* _Dataset entries_
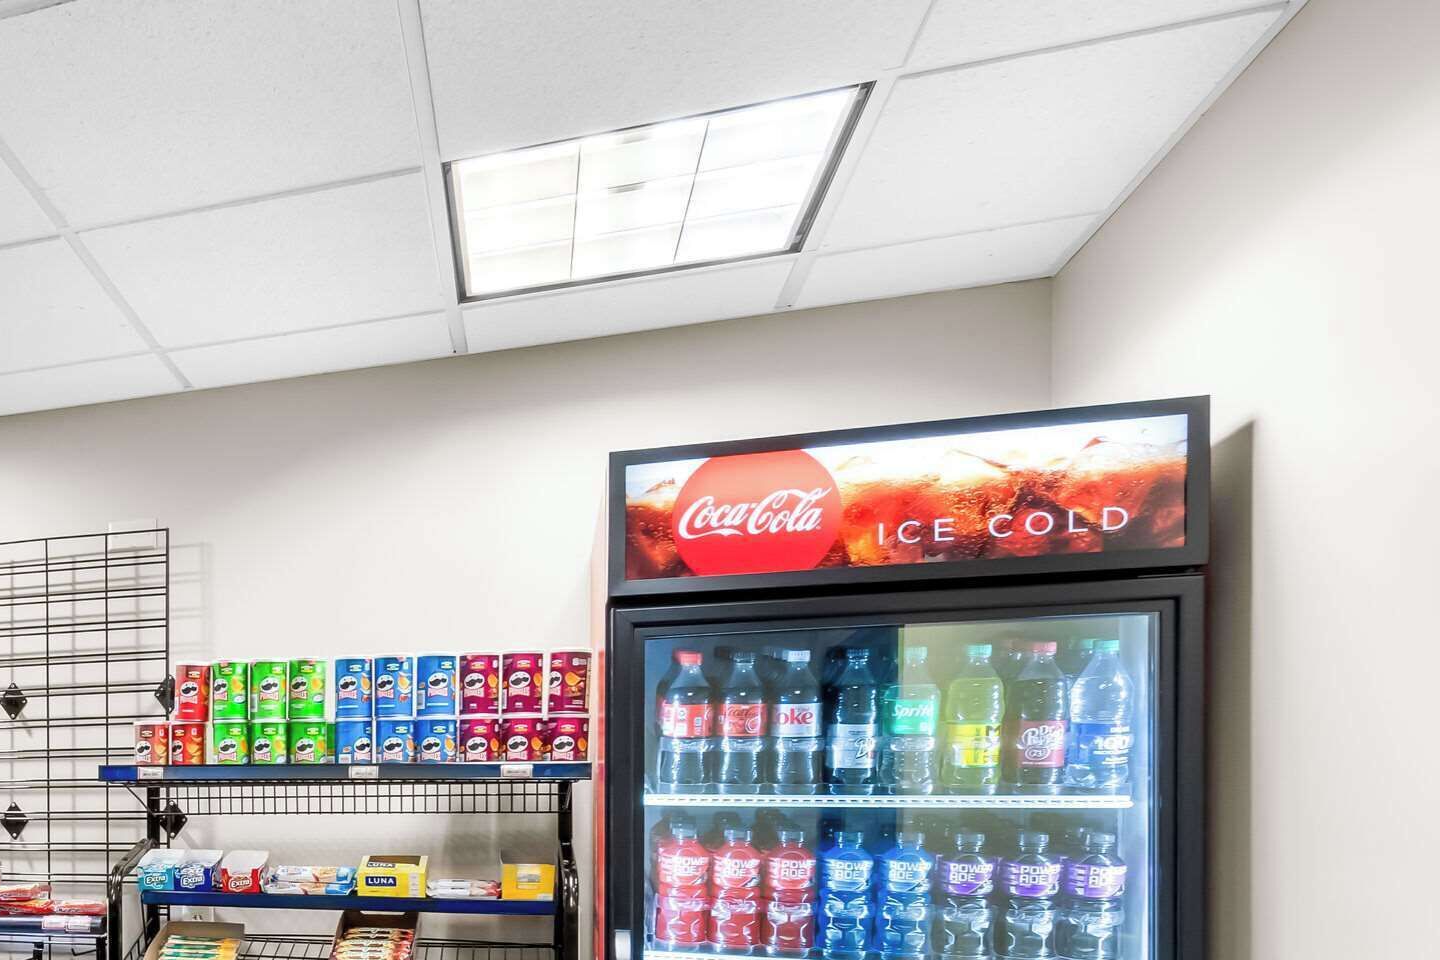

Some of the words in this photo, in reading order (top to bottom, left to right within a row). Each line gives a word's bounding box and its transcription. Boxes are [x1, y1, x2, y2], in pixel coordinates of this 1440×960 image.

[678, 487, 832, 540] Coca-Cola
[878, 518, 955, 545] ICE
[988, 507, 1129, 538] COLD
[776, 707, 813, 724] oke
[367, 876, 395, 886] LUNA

* _Assigned task_
The job is to copy all the records precisely while omitting any picture.

* _Task solution_
Some of the words in this photo, in reading order (top to bottom, left to right within a row). Each line gives a word's bounding box and its transcription. Boxes are [x1, y1, x2, y2], in pixel coordinates of this 1440×960 image.

[678, 487, 832, 540] Coca-Cola
[878, 518, 955, 545] ICE
[988, 507, 1129, 538] COLD
[776, 707, 813, 724] oke
[367, 876, 395, 886] LUNA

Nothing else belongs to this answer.